At the hearings of the Financial Crisis Enquiry Commission in the US, last week, the executives of the top American banks appeared clueless, or pretended to be, of what caused the financial meltdown. If pretending dumb is the price they have to pay to save themselves from financial liability, they were all most willing to do so.


One executive compared the financial crisis of last year to a natural disaster that nobody could have predicted. Another said that financial crises happen every five to seven years — so get used to them. Consult these gentlemen about how banks should be regulated and there will certainly be another man-made financial disaster in the next five years.


The primary aim of the banking and financial reform should be to prevent the next financial disaster from happening. Policymakers need to check the weak spots in the system and install checks and balances to strengthen them, and avoid any systemic failure. The regulators should ensure that no bank or financial institution should be allowed to be too big to fail. The ones that are too big already should be subjected to scrutiny so that taxpayers do not have to spend hundreds of billions
of dollars to bail them out.


The most often expressed fear among opponents of banking regulation is that too much regulation will stifle growth. The issue is: whose growth? If it means, restraining the growth or even shrinking the size of the financial sector, that’s a desirable outcome. In the past half a century, in most rich countries, the financial sector has become too large for the real economy. According to a report in the Economist , relative to the size of the economy banks in the UK are 10 times bigger now than they were 40 years ago. In general, banking sectors in most rich countries are too big, and should be cut in size.

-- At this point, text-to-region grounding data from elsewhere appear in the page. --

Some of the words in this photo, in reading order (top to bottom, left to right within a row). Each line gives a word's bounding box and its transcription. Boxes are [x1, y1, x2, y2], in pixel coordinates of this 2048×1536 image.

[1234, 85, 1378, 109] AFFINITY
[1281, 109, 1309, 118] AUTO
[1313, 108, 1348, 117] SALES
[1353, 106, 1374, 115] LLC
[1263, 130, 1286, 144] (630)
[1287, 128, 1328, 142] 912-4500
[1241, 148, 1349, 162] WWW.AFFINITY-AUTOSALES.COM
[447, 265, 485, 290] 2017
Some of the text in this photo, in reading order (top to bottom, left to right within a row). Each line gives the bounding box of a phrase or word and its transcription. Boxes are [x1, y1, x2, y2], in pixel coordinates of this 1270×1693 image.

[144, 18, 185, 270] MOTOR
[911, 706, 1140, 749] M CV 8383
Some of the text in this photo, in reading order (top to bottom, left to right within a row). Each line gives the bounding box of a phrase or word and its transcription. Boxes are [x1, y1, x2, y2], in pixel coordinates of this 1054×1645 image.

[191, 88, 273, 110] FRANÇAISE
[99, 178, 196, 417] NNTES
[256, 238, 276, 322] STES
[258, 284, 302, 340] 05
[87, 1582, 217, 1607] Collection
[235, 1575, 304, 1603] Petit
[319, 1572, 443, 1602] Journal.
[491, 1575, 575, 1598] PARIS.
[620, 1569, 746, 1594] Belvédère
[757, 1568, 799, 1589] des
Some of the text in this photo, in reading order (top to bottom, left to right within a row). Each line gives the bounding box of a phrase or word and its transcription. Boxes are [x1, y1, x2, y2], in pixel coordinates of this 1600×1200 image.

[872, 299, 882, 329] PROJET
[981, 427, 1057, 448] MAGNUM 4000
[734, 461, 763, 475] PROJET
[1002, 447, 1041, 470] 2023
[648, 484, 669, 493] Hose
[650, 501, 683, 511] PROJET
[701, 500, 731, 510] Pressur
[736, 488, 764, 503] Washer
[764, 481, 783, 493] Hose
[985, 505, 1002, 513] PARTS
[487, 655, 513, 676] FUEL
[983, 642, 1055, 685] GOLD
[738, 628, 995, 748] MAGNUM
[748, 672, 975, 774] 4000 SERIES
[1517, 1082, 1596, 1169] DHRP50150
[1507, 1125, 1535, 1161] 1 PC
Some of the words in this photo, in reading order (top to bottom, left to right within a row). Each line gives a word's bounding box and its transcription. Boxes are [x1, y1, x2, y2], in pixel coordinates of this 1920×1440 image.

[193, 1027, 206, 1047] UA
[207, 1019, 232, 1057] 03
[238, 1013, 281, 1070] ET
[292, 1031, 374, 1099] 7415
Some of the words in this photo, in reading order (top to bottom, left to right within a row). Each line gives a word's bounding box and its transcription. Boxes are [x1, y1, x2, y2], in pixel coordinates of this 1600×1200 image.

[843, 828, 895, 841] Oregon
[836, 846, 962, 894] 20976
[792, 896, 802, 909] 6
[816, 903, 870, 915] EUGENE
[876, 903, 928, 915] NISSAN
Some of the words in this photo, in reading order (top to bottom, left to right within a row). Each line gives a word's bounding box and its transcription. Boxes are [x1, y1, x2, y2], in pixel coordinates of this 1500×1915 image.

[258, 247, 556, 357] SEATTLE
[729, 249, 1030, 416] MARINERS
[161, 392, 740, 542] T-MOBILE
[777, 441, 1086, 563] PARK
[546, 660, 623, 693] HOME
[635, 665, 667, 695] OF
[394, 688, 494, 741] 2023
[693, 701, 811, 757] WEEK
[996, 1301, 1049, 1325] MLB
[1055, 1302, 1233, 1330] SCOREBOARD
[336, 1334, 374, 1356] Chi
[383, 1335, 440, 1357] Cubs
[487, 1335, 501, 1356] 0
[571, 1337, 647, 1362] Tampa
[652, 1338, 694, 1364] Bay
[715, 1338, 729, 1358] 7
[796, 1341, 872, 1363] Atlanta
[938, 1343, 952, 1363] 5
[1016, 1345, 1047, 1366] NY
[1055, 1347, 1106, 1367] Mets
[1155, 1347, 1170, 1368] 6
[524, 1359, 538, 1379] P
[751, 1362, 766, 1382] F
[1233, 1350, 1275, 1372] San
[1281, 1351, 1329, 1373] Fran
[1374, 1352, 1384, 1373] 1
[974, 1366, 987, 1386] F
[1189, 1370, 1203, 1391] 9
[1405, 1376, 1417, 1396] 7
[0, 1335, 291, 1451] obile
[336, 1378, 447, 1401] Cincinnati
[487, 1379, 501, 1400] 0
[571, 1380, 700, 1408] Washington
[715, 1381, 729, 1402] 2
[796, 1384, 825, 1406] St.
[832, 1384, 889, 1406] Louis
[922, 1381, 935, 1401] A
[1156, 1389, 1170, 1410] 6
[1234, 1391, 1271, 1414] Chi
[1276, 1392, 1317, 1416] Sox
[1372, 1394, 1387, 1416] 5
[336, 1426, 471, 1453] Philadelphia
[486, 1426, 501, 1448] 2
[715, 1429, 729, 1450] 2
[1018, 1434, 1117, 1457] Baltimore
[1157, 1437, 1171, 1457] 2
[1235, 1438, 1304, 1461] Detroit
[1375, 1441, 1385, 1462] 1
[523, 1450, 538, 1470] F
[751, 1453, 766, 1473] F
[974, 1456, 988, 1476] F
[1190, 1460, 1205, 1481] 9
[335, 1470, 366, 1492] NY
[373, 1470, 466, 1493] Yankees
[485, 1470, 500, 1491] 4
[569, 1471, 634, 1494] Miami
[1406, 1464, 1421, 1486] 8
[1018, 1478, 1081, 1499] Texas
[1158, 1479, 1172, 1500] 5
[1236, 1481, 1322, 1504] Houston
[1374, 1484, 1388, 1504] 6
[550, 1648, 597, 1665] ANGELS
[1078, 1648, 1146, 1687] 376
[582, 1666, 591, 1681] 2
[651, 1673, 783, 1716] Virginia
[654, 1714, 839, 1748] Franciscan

Sadly, the message that the financial sector appears to have taken from governmental bailouts in Europe and America is that banks do not have to fear about failures; governments will always bail them out no matter what is happening in the rest of the economy. Such an attitude makes the banking and financial industry even more callous and irresponsible, and the next disaster more likely than before.


In addition,to bring economies from recession, governments in rich coun
tries have been pumping cheap money into their economies through the banking sector. In return, whenever they get a chance, banks just pass on the cheap credit they receive as higher bonuses to their employees, in organising retreats and buying private jets.


THE behavior of bank executives seems so excessive that it sometimes appears that while everyone else has suffered from the financial meltdown, bank executives have benefited from it. To avoid the next financial disaster, governments have to install policies that send the financial sector the message that bailouts will not be free in future.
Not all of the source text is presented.